## Problem to solve
When you copy the data that follows, reproduce every word exactly and leave out the images.

## Collected data entries
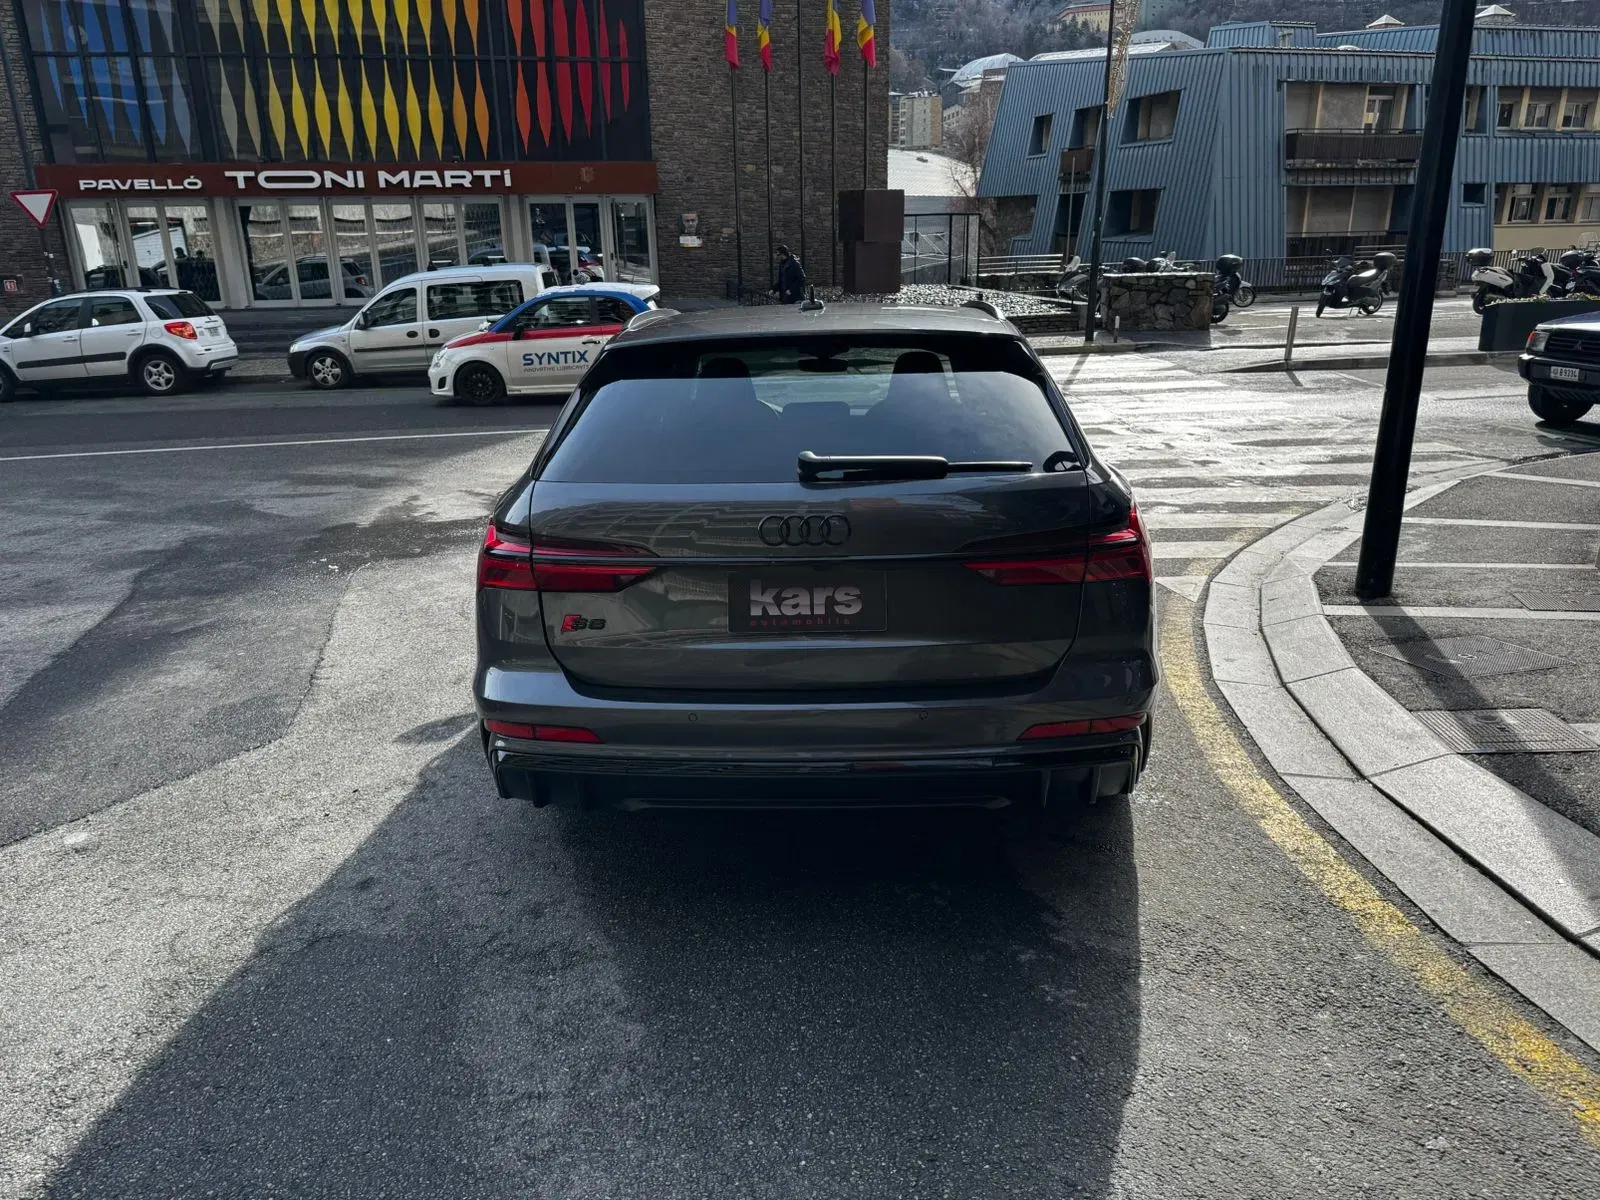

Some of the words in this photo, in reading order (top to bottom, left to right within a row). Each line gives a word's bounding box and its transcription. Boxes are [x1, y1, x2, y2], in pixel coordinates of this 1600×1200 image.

[78, 175, 203, 191] PAVELLÓ
[224, 169, 365, 190] TONI
[522, 349, 589, 366] SYNTIX
[750, 579, 864, 616] kars
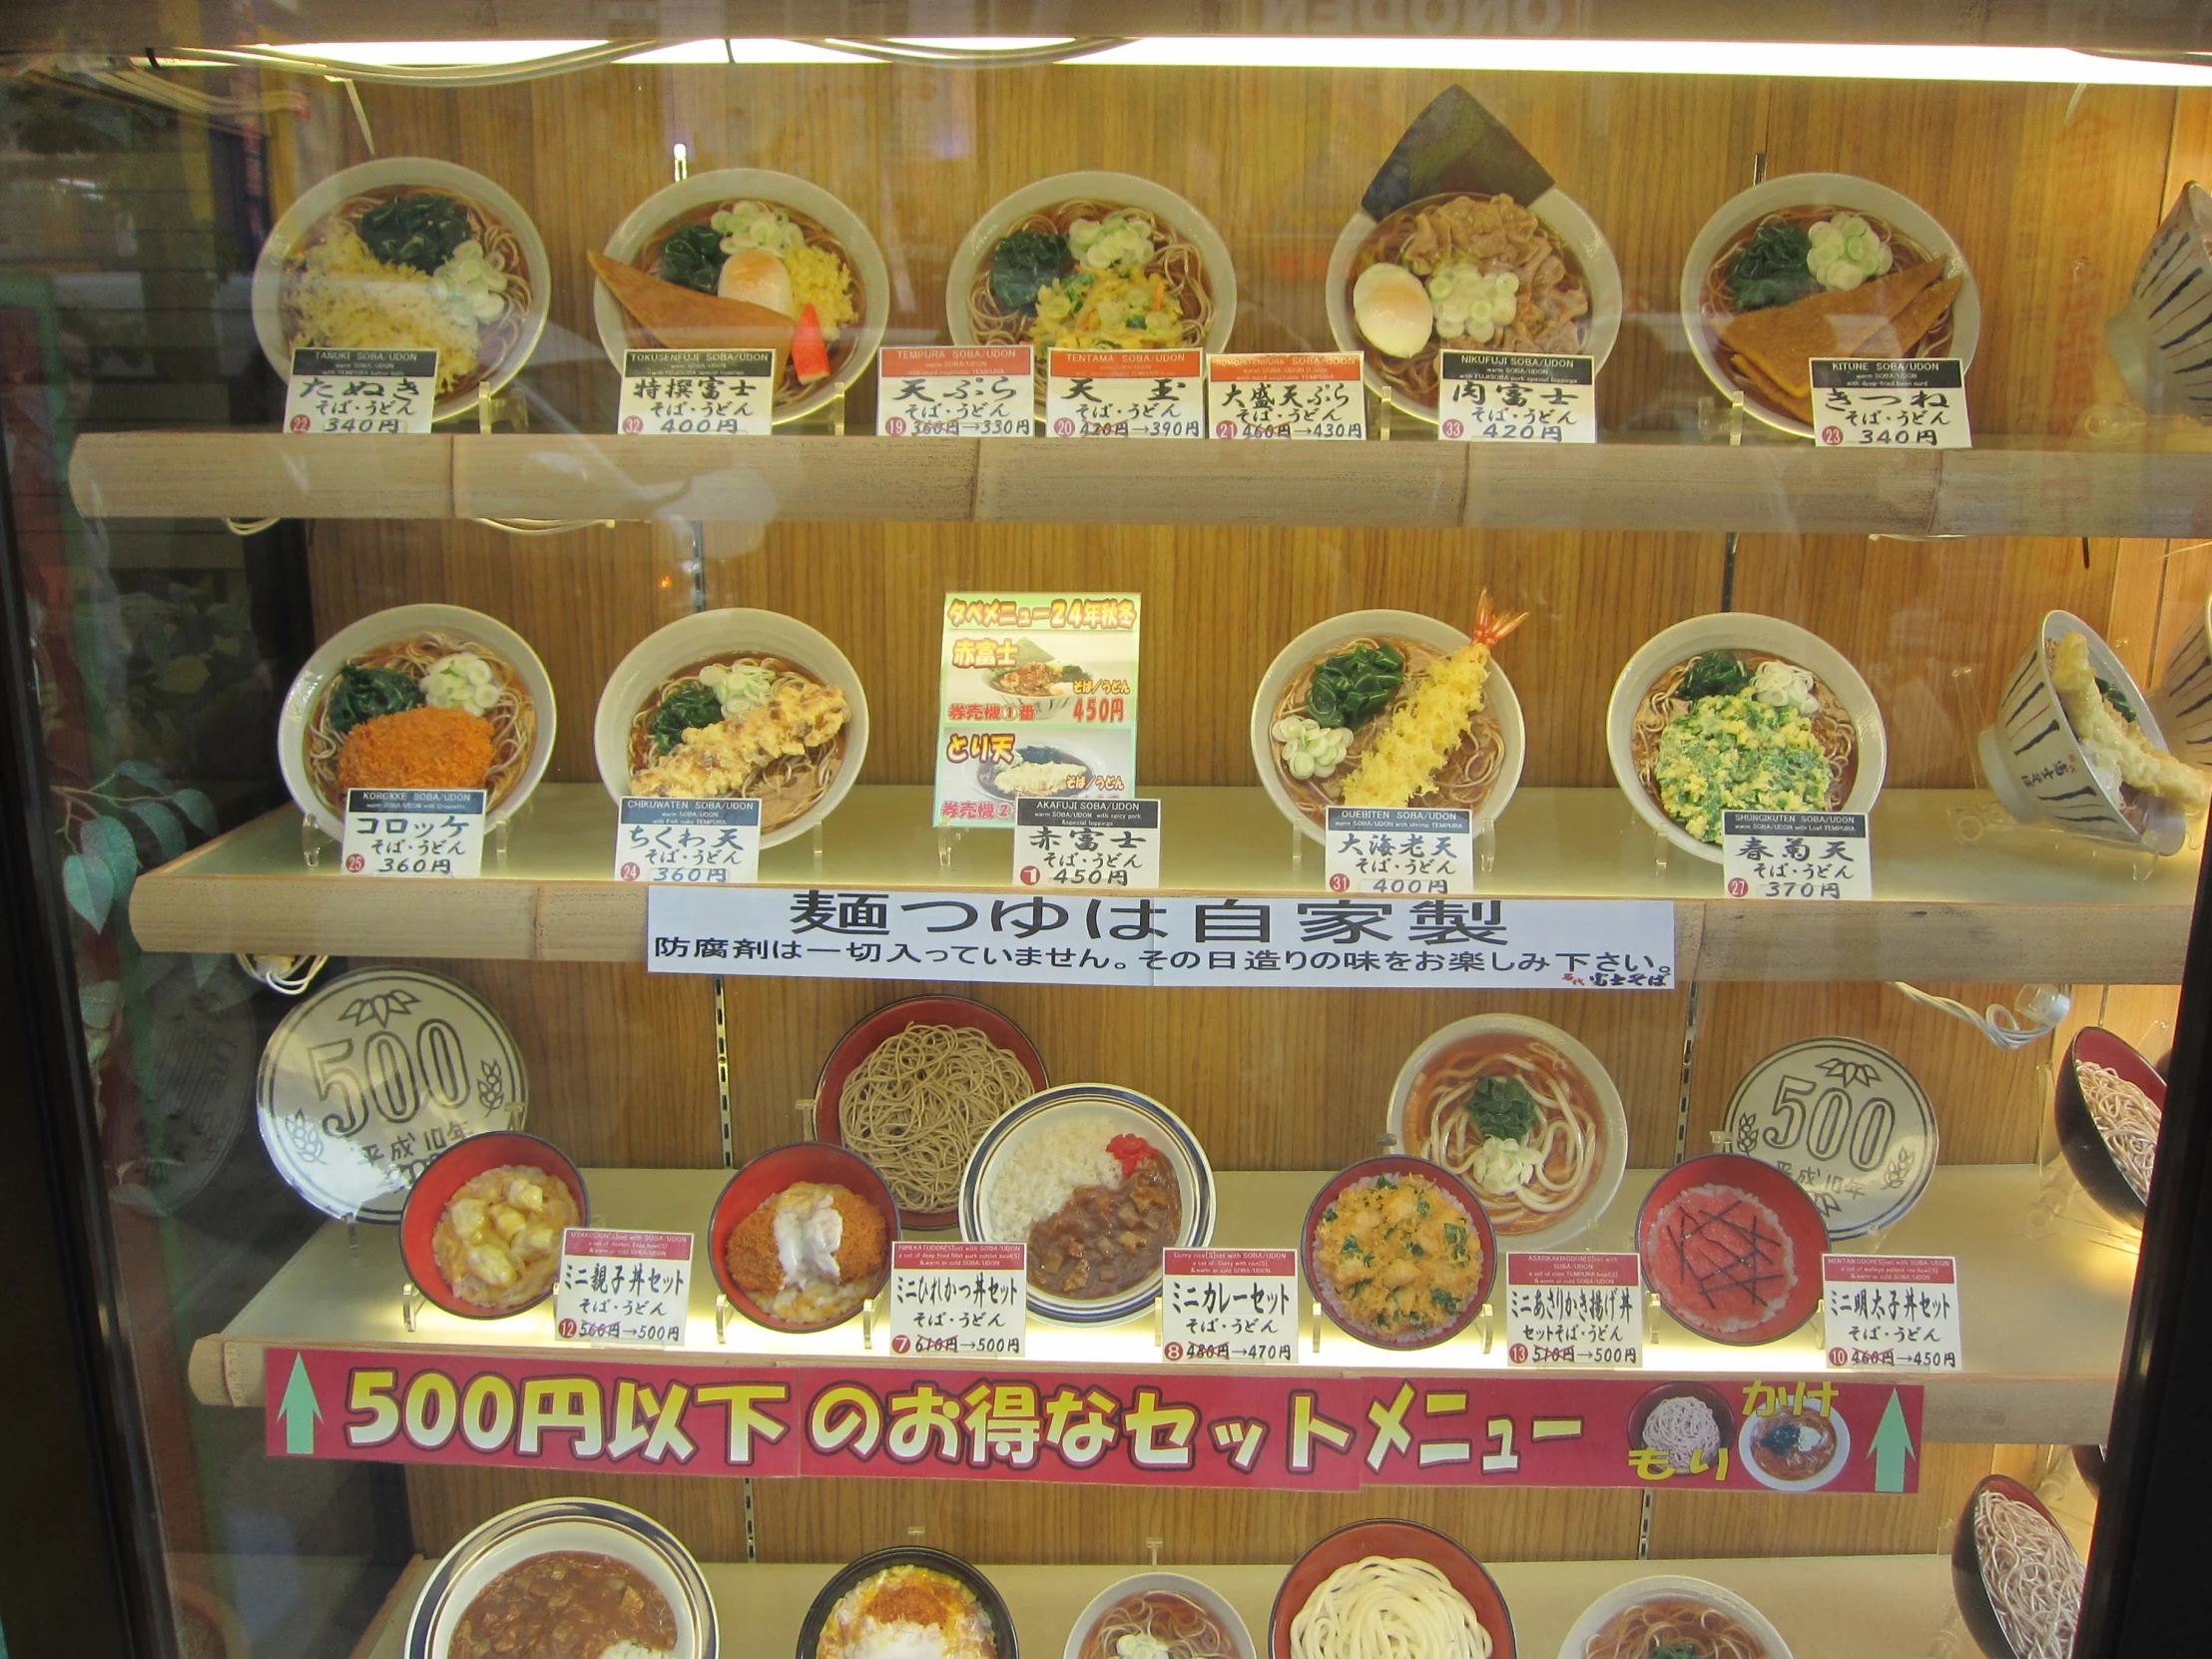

## Answer below
Some of the words in this photo, in reading order (top to bottom, left to right within a row). Each line gives a word's bounding box and its transcription. Boxes are [x1, y1, x2, y2], in pixel coordinates of this 1600×1200 image.

[78, 175, 203, 191] PAVELLÓ
[224, 169, 365, 190] TONI
[522, 349, 589, 366] SYNTIX
[750, 579, 864, 616] kars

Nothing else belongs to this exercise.